At BearingPoint's McLean offices, the company has set up a room to show off a range of identity systems, including machines for taking fingerprints, scanning irises, recognizing faces or even differentiating between individuals based on the shape of a hand.
"We think it's a terrific area of opportunity," said Gordon Hannah, who leads BearingPoint's efforts to win identity contracts.
Earlier this month, the General Services Administration awarded BearingPoint a five-year deal worth up to $105 million to supply new IDs to any agency that wants them. Agencies that do not buy their cards through the GSA contract are holding their own competitions.
That may be just the beginning.

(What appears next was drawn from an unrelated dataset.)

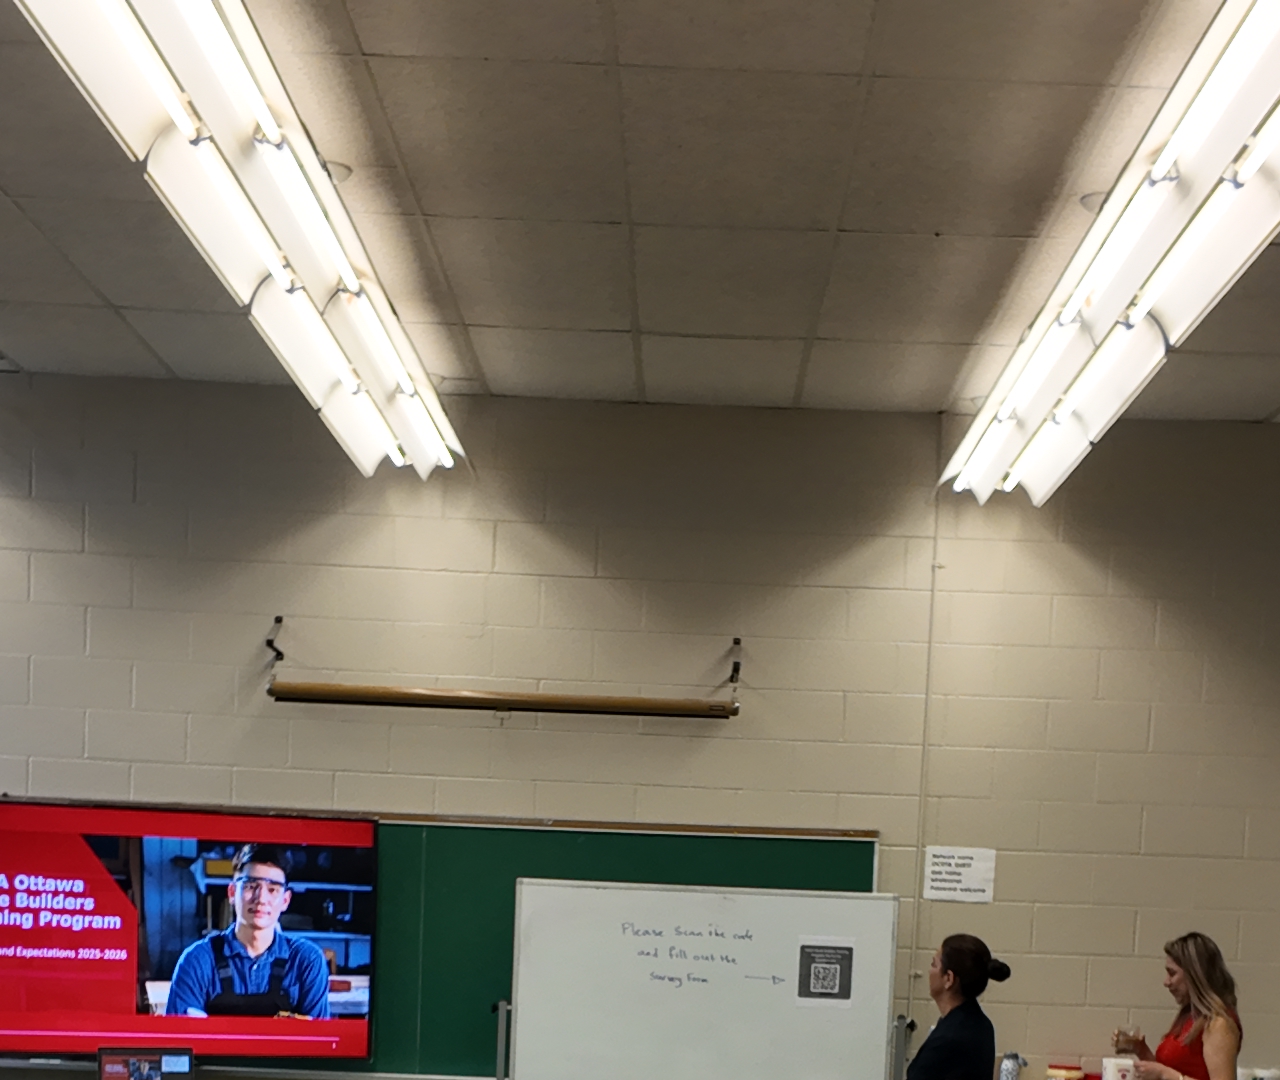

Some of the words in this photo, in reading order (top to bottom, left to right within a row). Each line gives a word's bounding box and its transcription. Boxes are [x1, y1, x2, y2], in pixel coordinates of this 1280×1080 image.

A recent study by the Stanford Washington Research Group and an expert in identity management put the value of the 10 biggest U.S. identity initiatives at $8 billion over the next five years, with an additional $14 billion coming from overseas.
From those programs, identity businesses expect other opportunities to emerge.
"One of the inhibitors has been the cost of the technology. But with the widespread adoption by the government, the cost of everything is going to come down," said Jon Rambeau, director of credentialing at Bethesda-based Lockheed Martin.
State and local governments are considered major potential buyers. Among their needs are credentials for first responders so that officials can verify the identity of people who show up to help in the event of an emergency.
On the commercial side, too, boosters of identity technology say the opportunities abound. Banks, for instance, may want secure cards that can guarantee that someone trying to cash a check really is the intended recipient. Hospitals are looking into using the identity systems for a more reliable way of accessing medical records. And retailers have been working on allowing consumers to make purchases with the swipe of a finger, instead of a card.
Nor do the opportunities stop at the U.S. border. California-based contractor Computer Sciences Corp. has enrolled 40 million people in identity programs worldwide. But on a planet of 6.5 billion, the company thinks it has only scratched the surface.
"Each country has exactly the same issues: How do you facilitate security, facilitate movement across borders and protect privacy all at the same time?" said Tim Ruggles, CSC's director of border and immigration solutions. "That's a tough one."